Et comment en es-tu arrivée à ouvrir la Bohême?

Il y a 2 ans que La Bohême a ouvert ses portes. Au début c'était une crêperie de 20m2 dans un autre local. C'était le rêve d'un ami et je l'ai suivi dans l'aventure, puis les choses ont fait que finalement il est parti.

Quatre mois plus tard, j'ai monté l'hôtel. Comme j'ai voyagé presque toute seule pendant 1 an avec mon sac à dos, je me suis rendue compte à quel point les lieux changent ton expérience et je voulais un endroit où les gens se sentent bien, où on se pose comme à la maison. J'adore être à l'hôtel en bas, développer des conversations plus poussées. Les gens en voyage sont plus ouverts à un échange plus profond, des liens se créent. J'aime cet échange autour du voyage et de ce que les gens peuvent traverser.

En plus, j'avais d'abord étudié les beaux-arts, donc ma passion c'est l'art - même si j'avais mon boulot d'architecte. Si l'art traditionnel est très présent à Cusco, ça manque d'art contemporain, de théâtre. J'ai toujours rêvé de créer un espace culturel. On a une salle au fond qui est assez grande. On va la repeindre pour en faire une salle d'expo et j'aimerais y organiser des événements culturels.

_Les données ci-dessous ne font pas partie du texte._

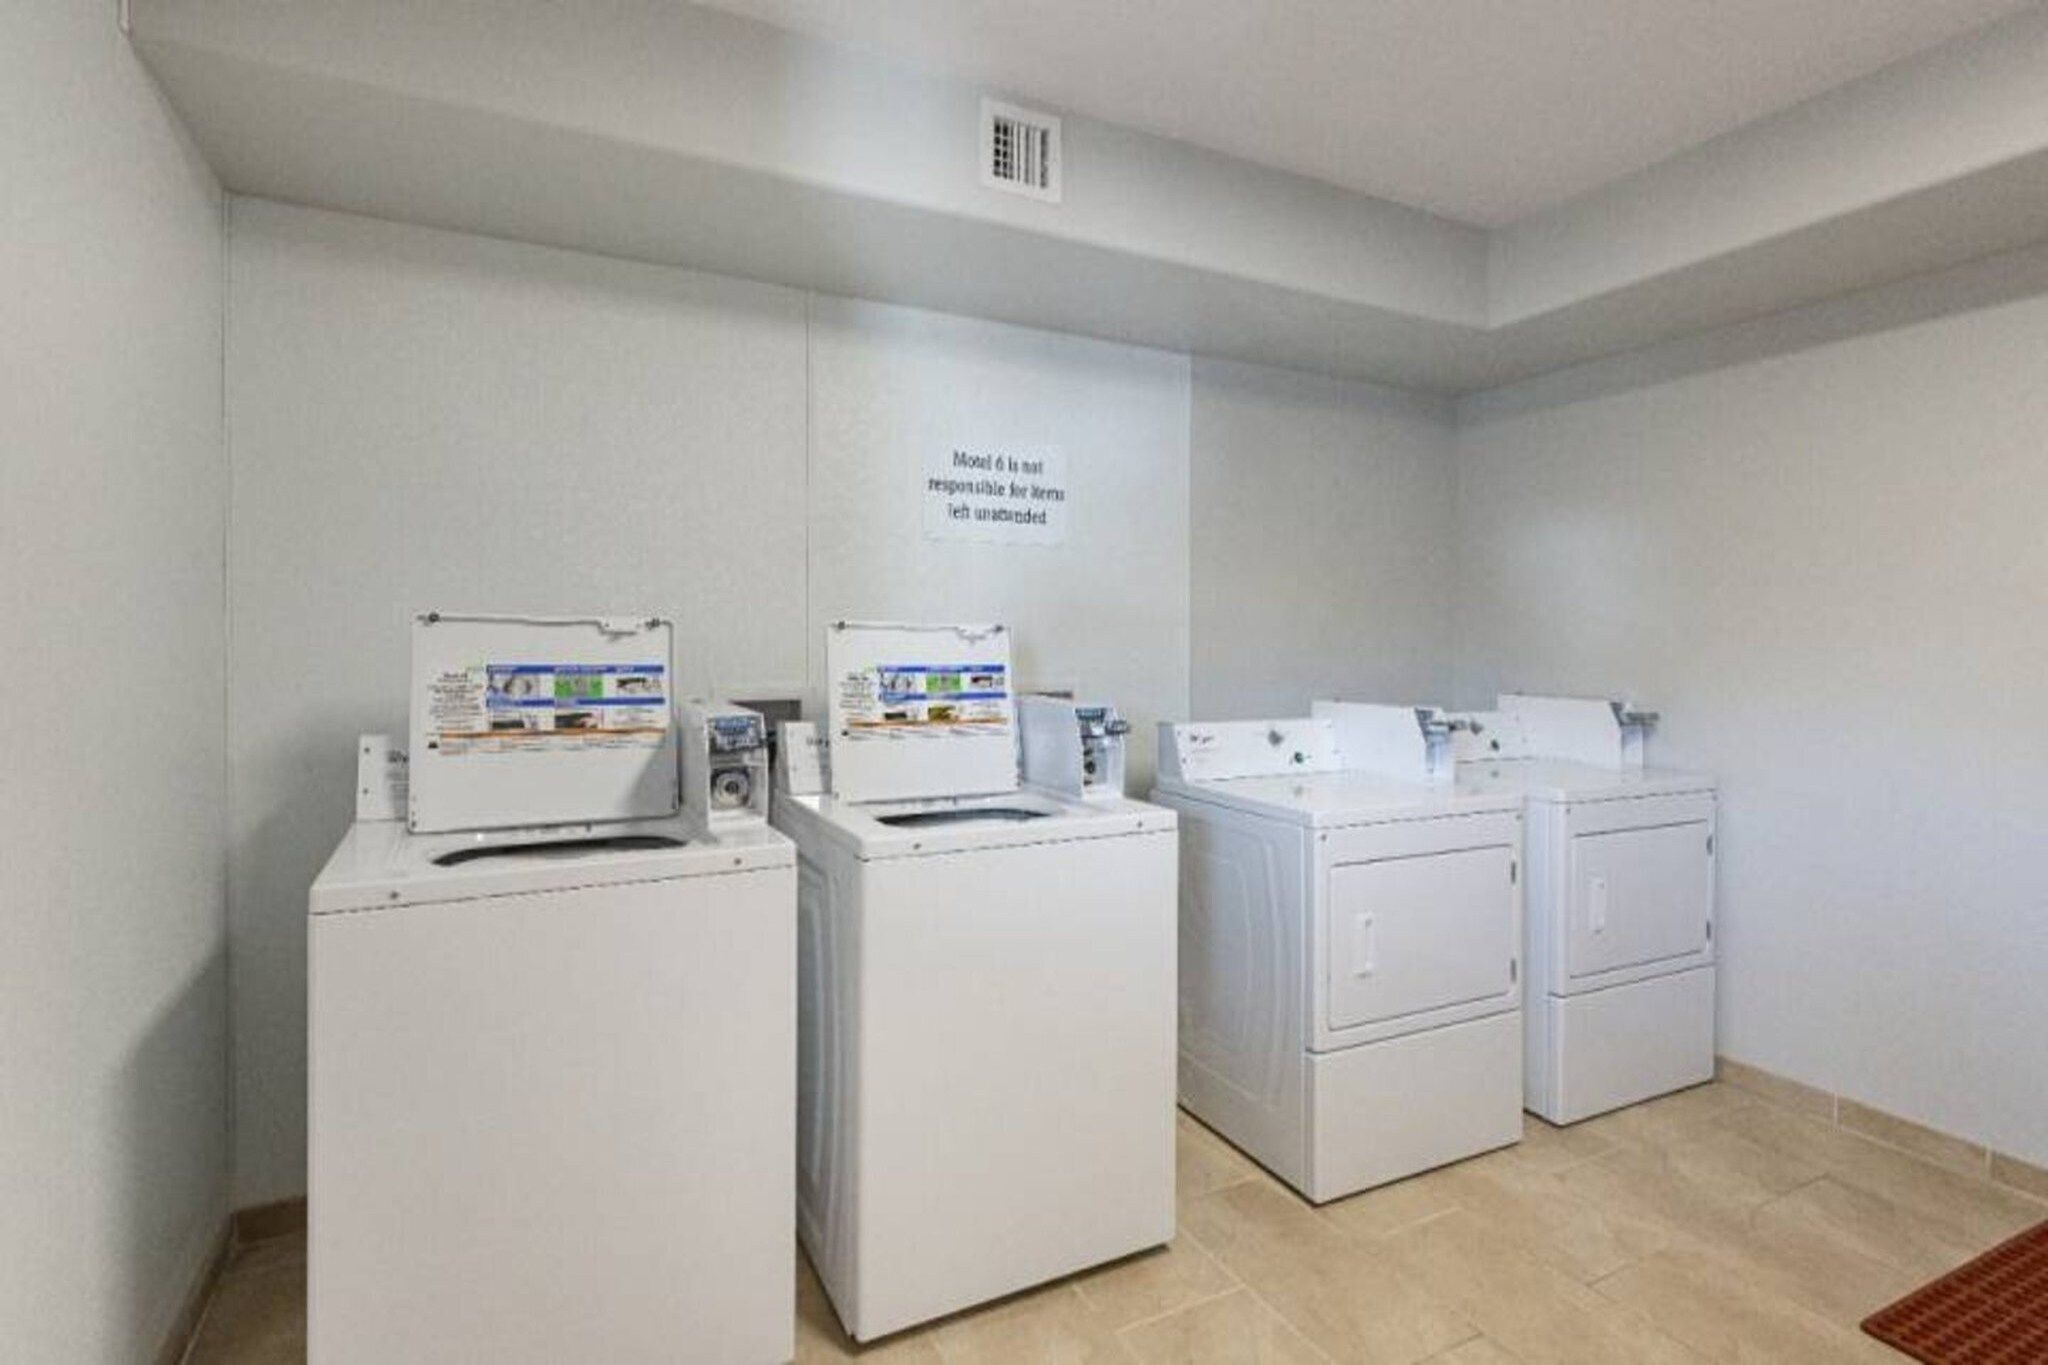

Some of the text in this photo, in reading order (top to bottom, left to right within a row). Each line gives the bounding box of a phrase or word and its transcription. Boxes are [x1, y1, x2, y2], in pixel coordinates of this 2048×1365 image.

[953, 449, 1044, 475] Motel 6 is not
[928, 477, 1065, 501] responsible for items
[947, 502, 1047, 524] left unattended

Quel est le plus grand défi de travailler ici?

C'est plutôt difficile de comparer parce que je n'ai pas monté d'entreprise en France.

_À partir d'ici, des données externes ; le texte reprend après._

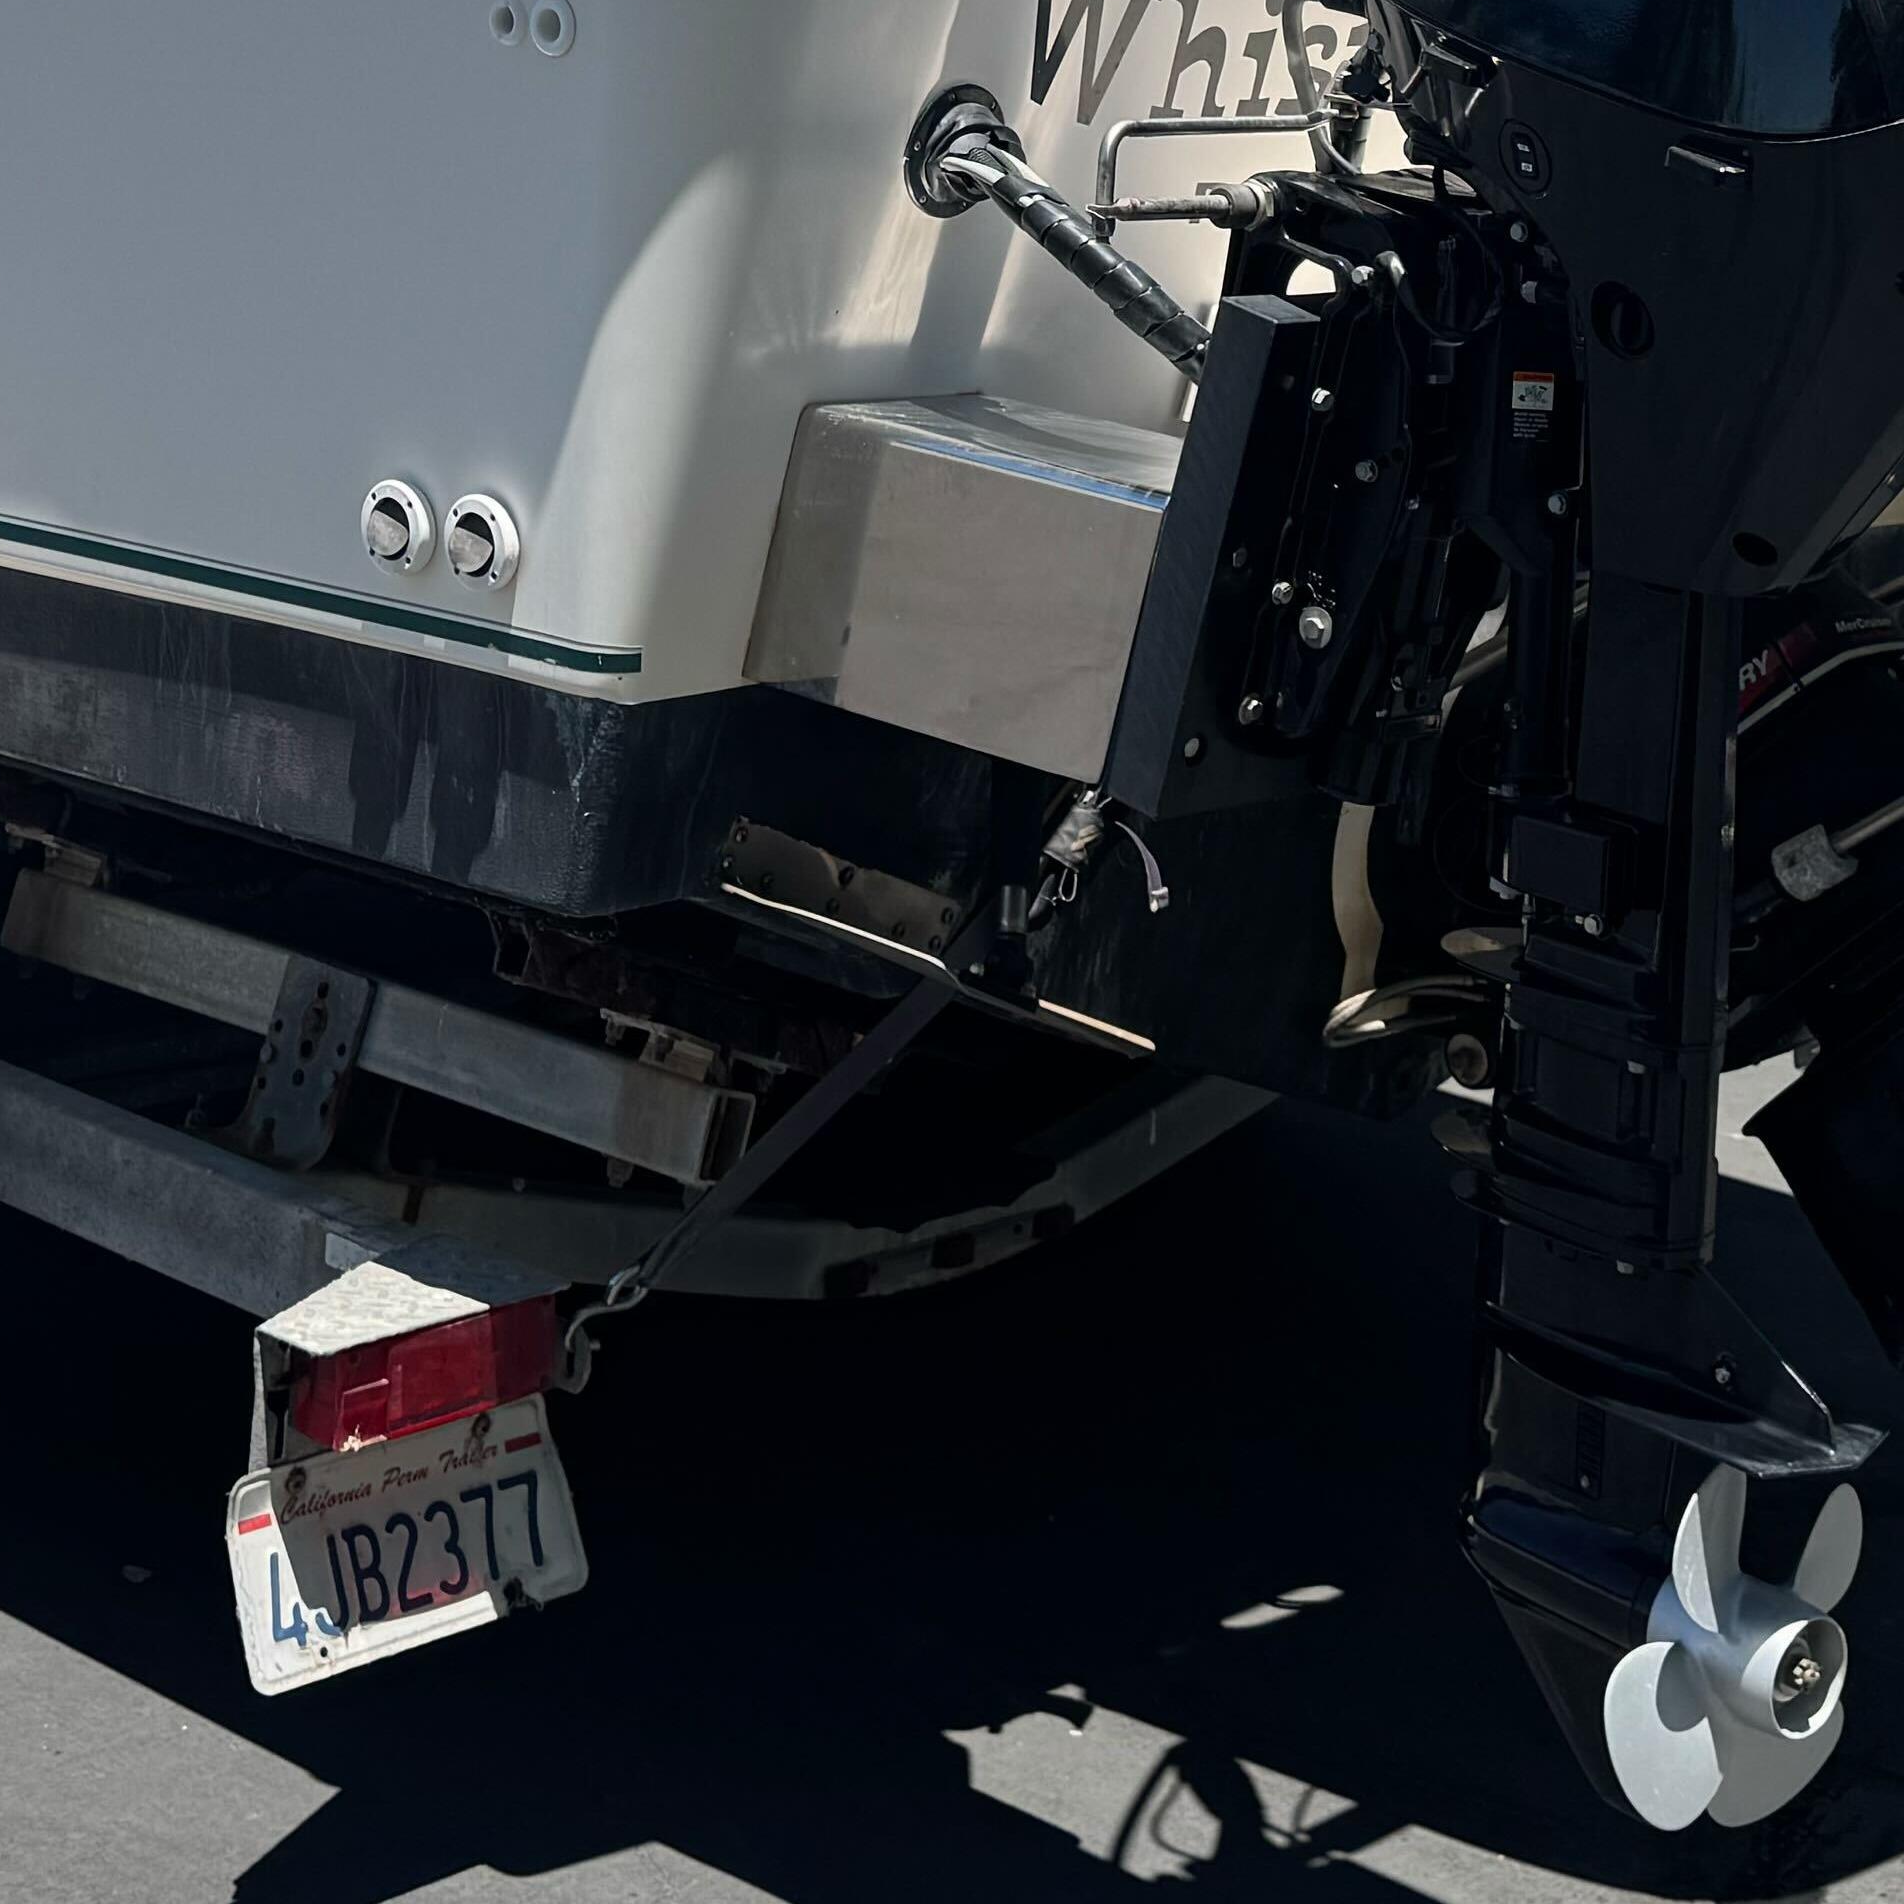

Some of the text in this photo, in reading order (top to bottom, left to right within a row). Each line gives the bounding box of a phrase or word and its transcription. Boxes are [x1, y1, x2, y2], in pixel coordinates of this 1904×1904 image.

[280, 1443, 499, 1526] California Perm Trailer
[268, 1469, 545, 1648] 4JB2377

La communication peut être difficile car les codes sont différents. Par exemple, les gens ne disent jamais " non ", mais ça ne signifie non plus qu'ils feront ce qu'on leur demande.

Côté administratif aussi, c'est très compliqué, sans compter les histoires de corruption. J'imagine qu'en France c'est difficile sur d'autres plans, mais ici c'est une lutte au quotidien. En France, j'étais trop stressée. Ici j'ai adopté la vision locale : que todo fluya (tout doit couler). C'est mon idéal.

Comment c'est, être Français à Cusco?

Comme c'est hyper touristique, je crois que je pourrais vivre ici 20 ans et je serais toujours gringa. En France, tu es Français peu importe ton origine.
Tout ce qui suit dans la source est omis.